Человек шел по обочине и, не отрываясь, смотрел на Вознесенксого внимательным взглядом. Мужчину немного шатало, в левой руке у него была зажата бейсбольная бита, и вот мужчина перешел на бег, неотрывно глядя на Андрея. Мужчина приближался, и тут Вознесенский понял, что этот человек хочет тебя убить, вдруг это понял. Андрей оглянулся на стоявших на остановке людей, они отворачивались, они тоже поняли, что его сейчас будут убивать. Limp Bizkit играли тошнотворно громко, Андрей обернулся, и человек был уже за его спиной, он замахнулся битой, Андрей отпрыгнул, прогнувшись всем телом назад, удар биты расшиб стеклянную стену автобусной остановки, стекло разлетелось кривыми ятаганами. Мужчина махнул битой еще раз, Андрей ещё раз отпрыгнул, поскользнулся, упал, перекатился под лавку, убийца ударил сверху. Через металлическую сетку Вознесенский видел сосредоточенное лицо мужчины. Стекло бешено хрустело под ногами убийцы, и Андрей вдруг понял, что делать. Острый осколок впился ему в ладонь, он ударил по ахиллу, мужчина упал, сухо ударившись затылком об асфальт, и через секунду Андрей уже загнал стеклянное лезвие ему в сердце. Чувство бьющегося под рукой мяса было тошнотворным. Когда Вознесенский встал, от него все отвернулись, глядя в небо. Это были люди с картины Брейгеля - каждый занят своим делом.

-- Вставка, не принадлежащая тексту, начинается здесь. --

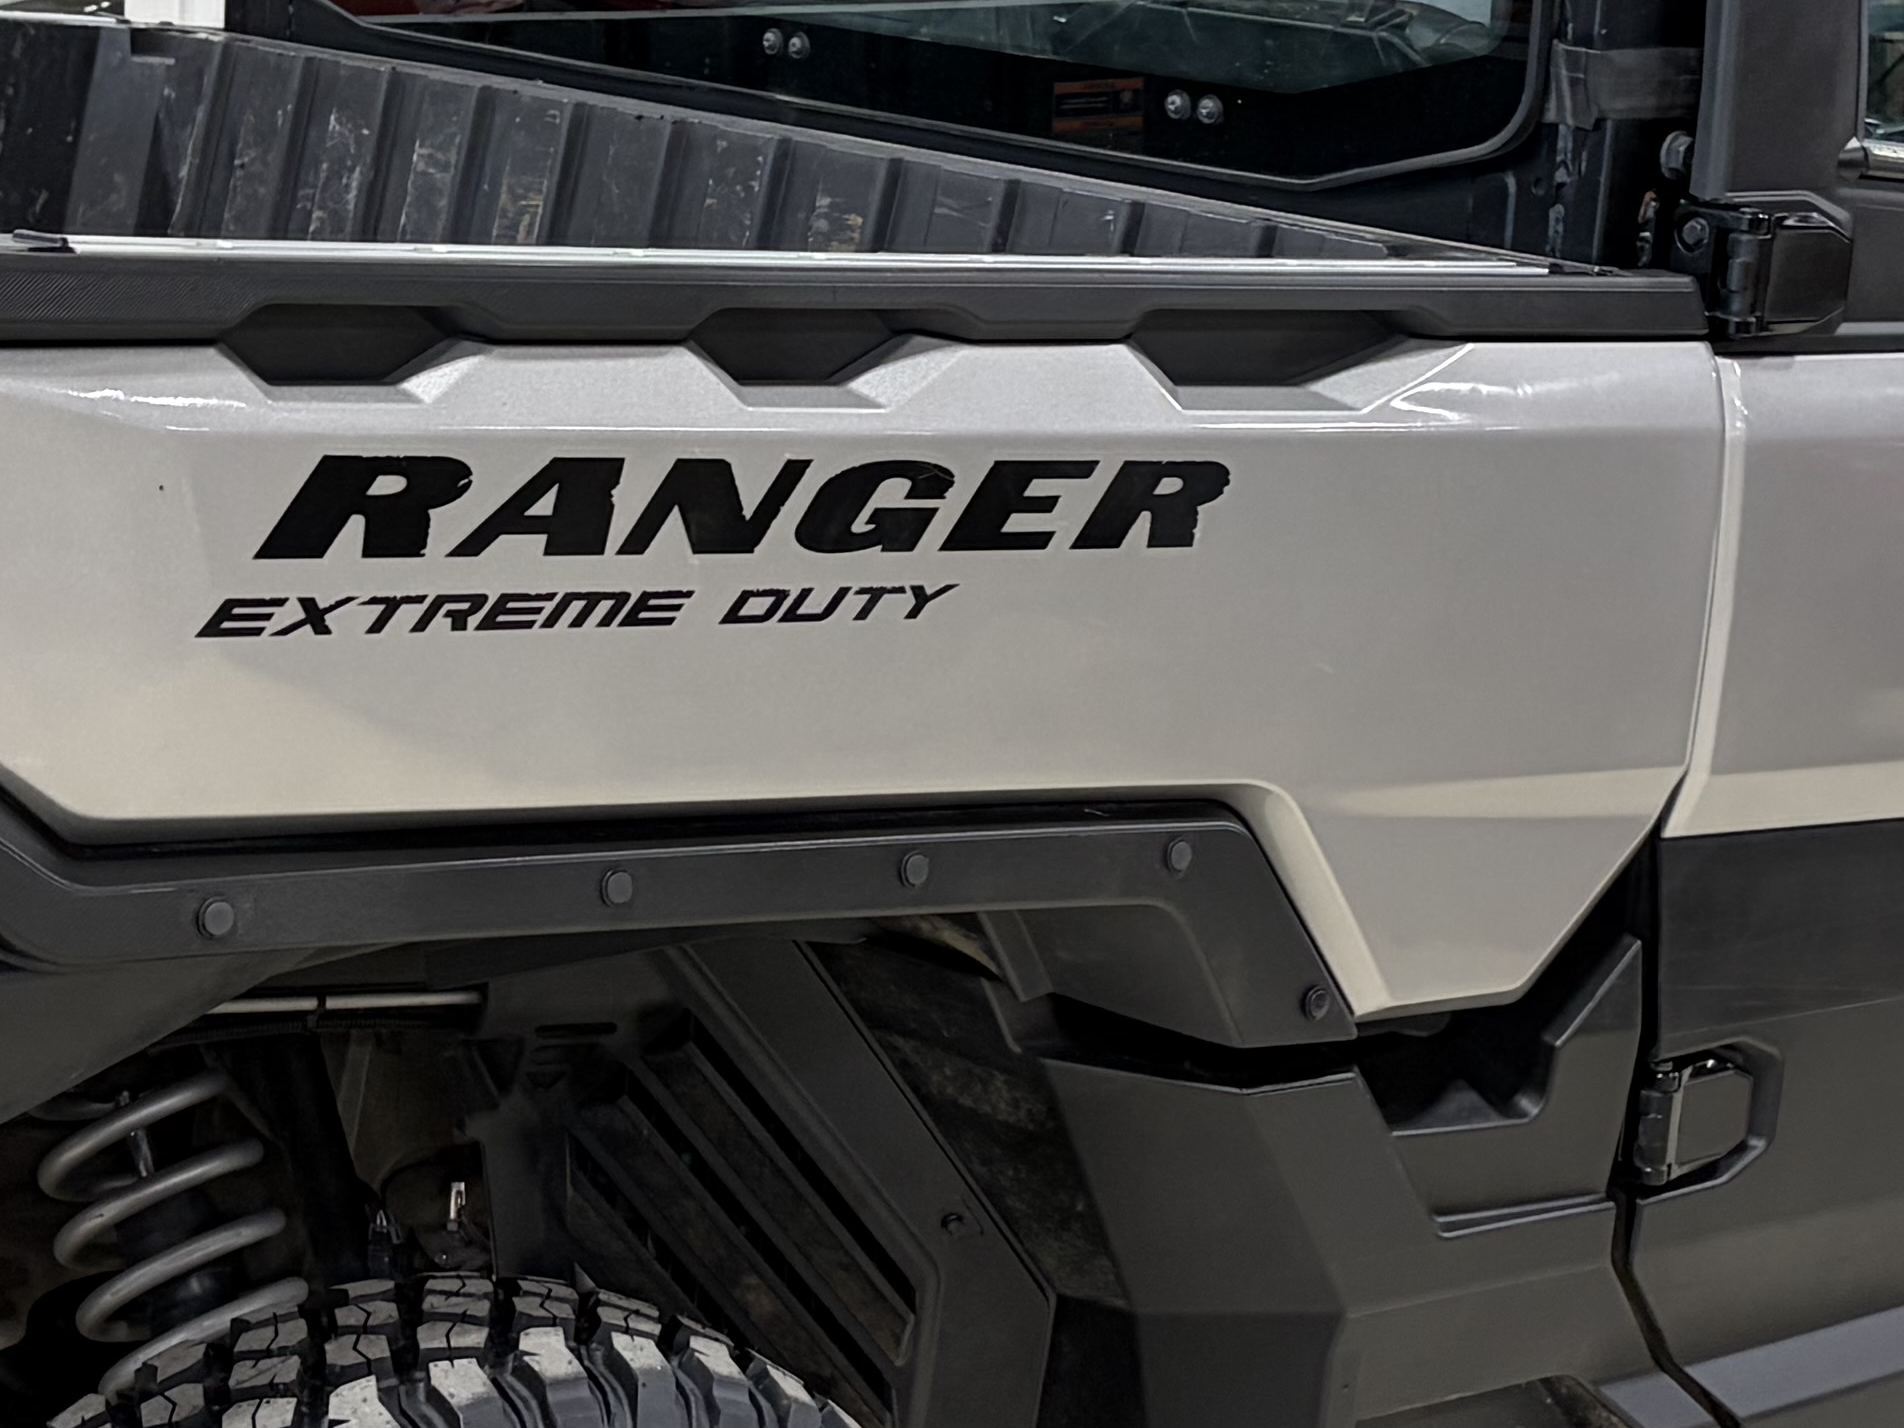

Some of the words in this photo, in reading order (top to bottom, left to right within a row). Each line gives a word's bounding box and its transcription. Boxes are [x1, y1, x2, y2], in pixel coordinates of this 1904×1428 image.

Садясь в автобус, Андрей медленно бинтовал порезанную руку носовым платком. Алое пятно проступало через белую ткань. Вознесенский прислонился головой к стеклу, солнце грело щеку, за окном весело бежал пригород, он улыбался, слушая Limp Bizkit.
Воспоминание было четким до последней детали.
Андрей, не открывая глаз, потер лицо руками, от рук слабо пахло мочой.
Тут его толкнули, открыл глаза: депрессивная мучнисто-белая девушка с набрякшими веками и линялыми волосами цвета прошлогоднего сена, качаясь, спускалась по эскалатору, в ушах маленькие черные наушники. На секунду показалось, что проводки вылезают из ушей девушки, вылезают и ведут внутрь рюкзака, подумалось - это не проводки, а трубочки, и по ним в рюкзачок сочится кровь и лимфа из мозга, в рюкзачке сидит маленький слепой паразит, недоношенное дитя мучнистой девушки, её абортивный плод. Лежит в целлофановом пакете и сосёт кровь, и одурманенная девушка идёт по эскалатору вниз вниз вниз, а плод видит радужные сны и летит вверх вверх вверх. Показалось, что видишь засохшую кровь в девушкиных ушах, но только показалось, через секунду наваждение развеялось.
Наваждение рассеялось, эскалатор бережно, как морская волна выносит на берег бутылку с письмом, вынес Вознесенского на станцию, и тот широко шагнул вперед.
13.
Лена, покачиваясь, спускалась вниз по эскалатору, в ушах играла Ария.
Казалось, что в словах песни есть смысл. Болела голова, тошнило - это от таблеток, от больничных таблеток. Сегодня утром ей сделали аборт.
Лена нечаянно толкнула высокого парня, медленно трущего лицо ладонями, извиняться было лень, тошнило, станция метро качалась, как корабль на длинных океанских волнах, свет мерзко моргал.
Подошел поезд, вошла, поспешно села и закрыла глаза. Голос сказал: "Осторожно, двери закрываются. Следующая станция..." - дальше Лена не расслышала, проваливаясь в черноту. И увидела она следующее.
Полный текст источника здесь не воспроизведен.